A (not so) Small Spiel about Salt

While not as sexy as a lot of other ingredients, salt is an important part of our cooking and it has changed the way we prepare and store food. It preserves, enhances flavour, and even changes the texture of food. It really is a hugely important part of cooking. But salt is one of those things that many people take for granted or avoid as it has been given a bit of a bad rap. As a mammal, we need salt to regulate some of our basic bodily functions like fluid levels as well as muscle and brain functions. However, consumed in excess, salt can lead to issues like hypertension, and high blood pressure. So as with everything, moderation is the key. Australians consume about twice as much salt as we need, this is mainly due to the amount of salt in processed foods. In a Wholefood diet, salt can do some amazing things and if used wisely, can enhance how we cook and how much we can enjoy our food.

Let’s get to the basics

All salt is basically just sodium chloride, whether it is lake salt, grey salt (sel gris), fleur de sel (salt flakes), or pink salt. The thing that can change the character of salt - like colour or flavour - are the other trace elements, like iron, calciom and magensium.
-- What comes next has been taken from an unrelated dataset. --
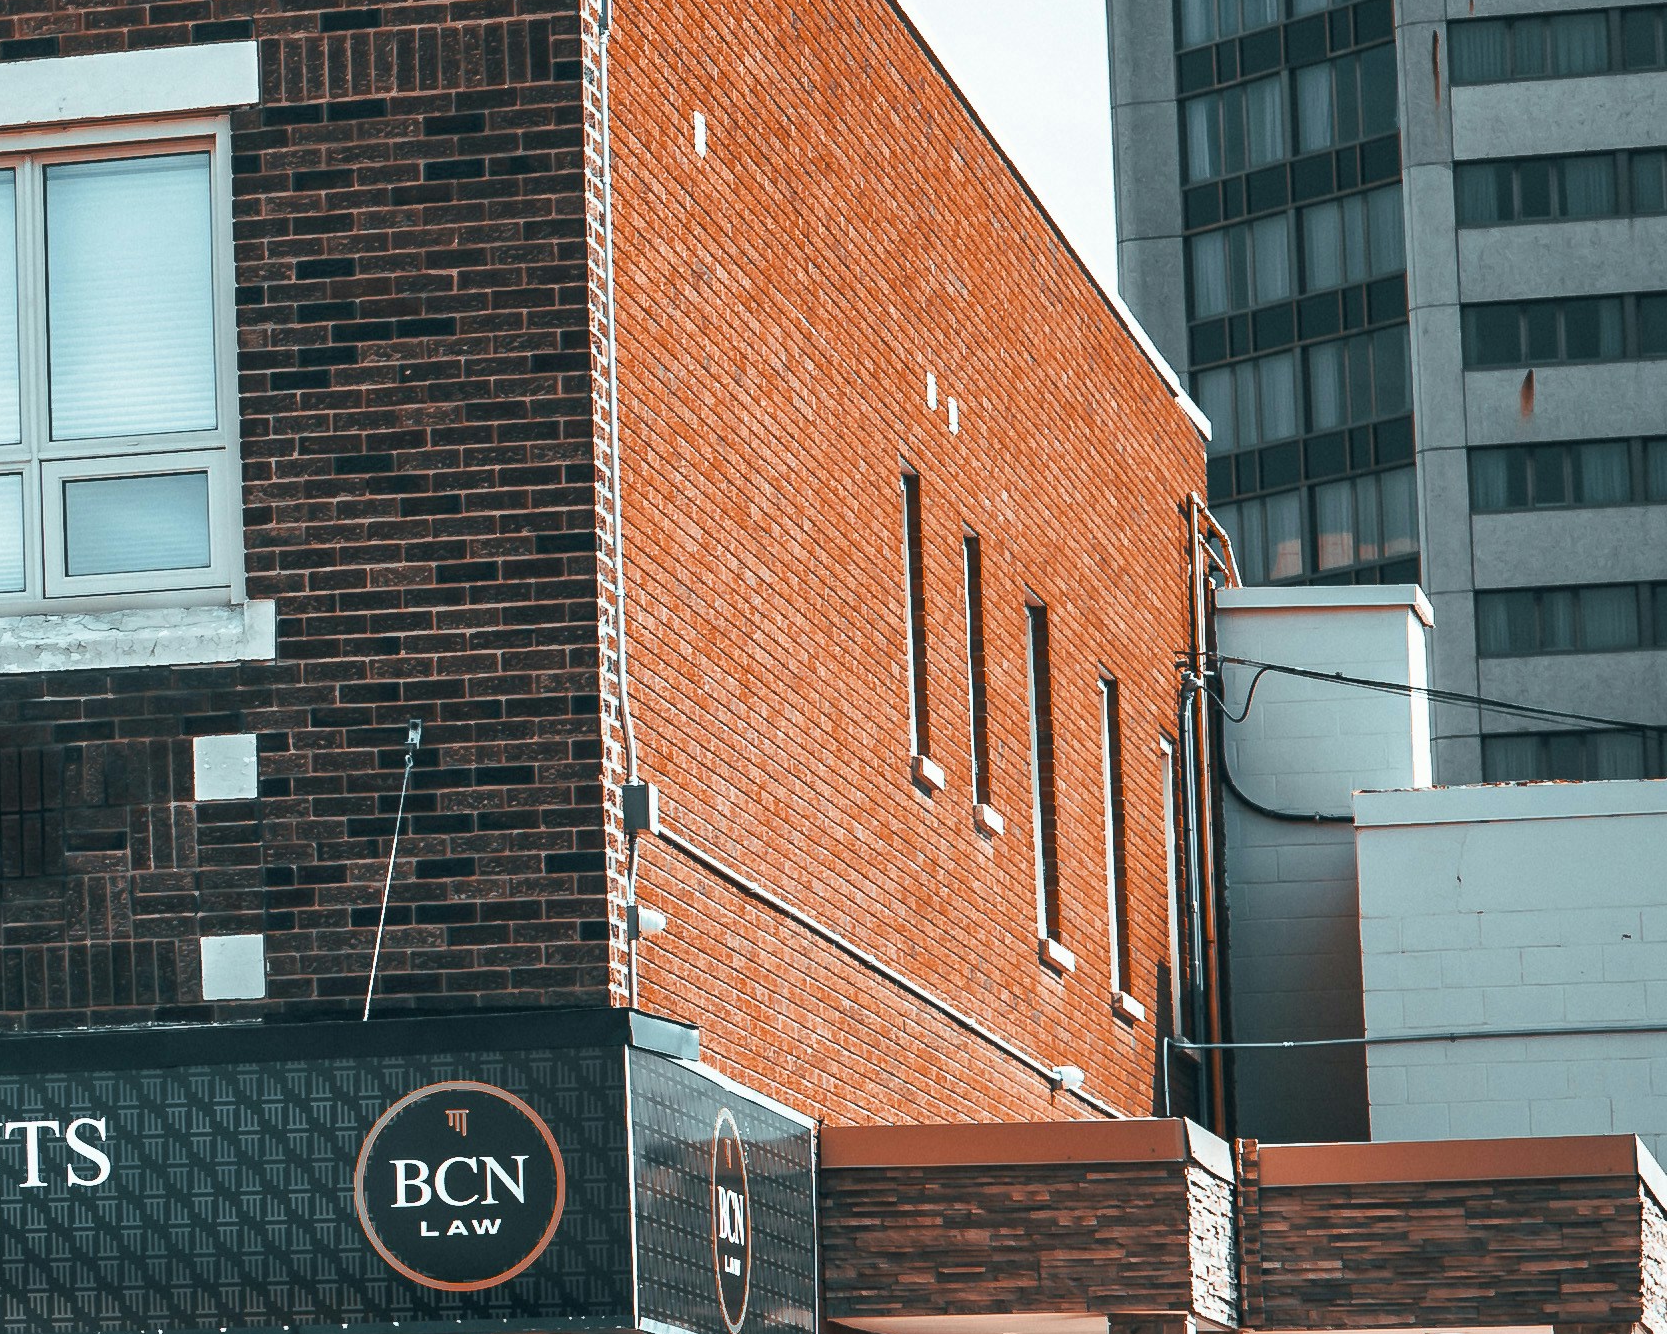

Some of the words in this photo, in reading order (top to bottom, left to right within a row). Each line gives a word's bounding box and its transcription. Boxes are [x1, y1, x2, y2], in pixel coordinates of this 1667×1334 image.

[388, 1153, 528, 1212] BCN
[420, 1217, 503, 1240] LAW
[717, 1185, 745, 1247] BCN
While these are great things to have in your diet, there aren’t enough of those trace elements to affect the overall “healthiness” of salt (unless you eat it by the kilo and then you are in for whole other set of issues). So rather than spending way too much money on these fancy salts you are better getting these elements from the food you eat. Unless of course you love the taste of the sales, then have at it.

 

So the choice in salt comes down to what you want to do with it. Is it for cooking, baking, seasoning, fermenting or pickling? Each one has a different need and each one has a salt best suited. To understand what salt to use, we need to understand the science behind what it does to your food. 

Seasoning

First and foremost, salt is used as a seasoning to enhance the flavour of food. It makes bland foods such as carbohydrates (bread, pasta, etc) tastier and it helps to bring out the natural flavours in other foods.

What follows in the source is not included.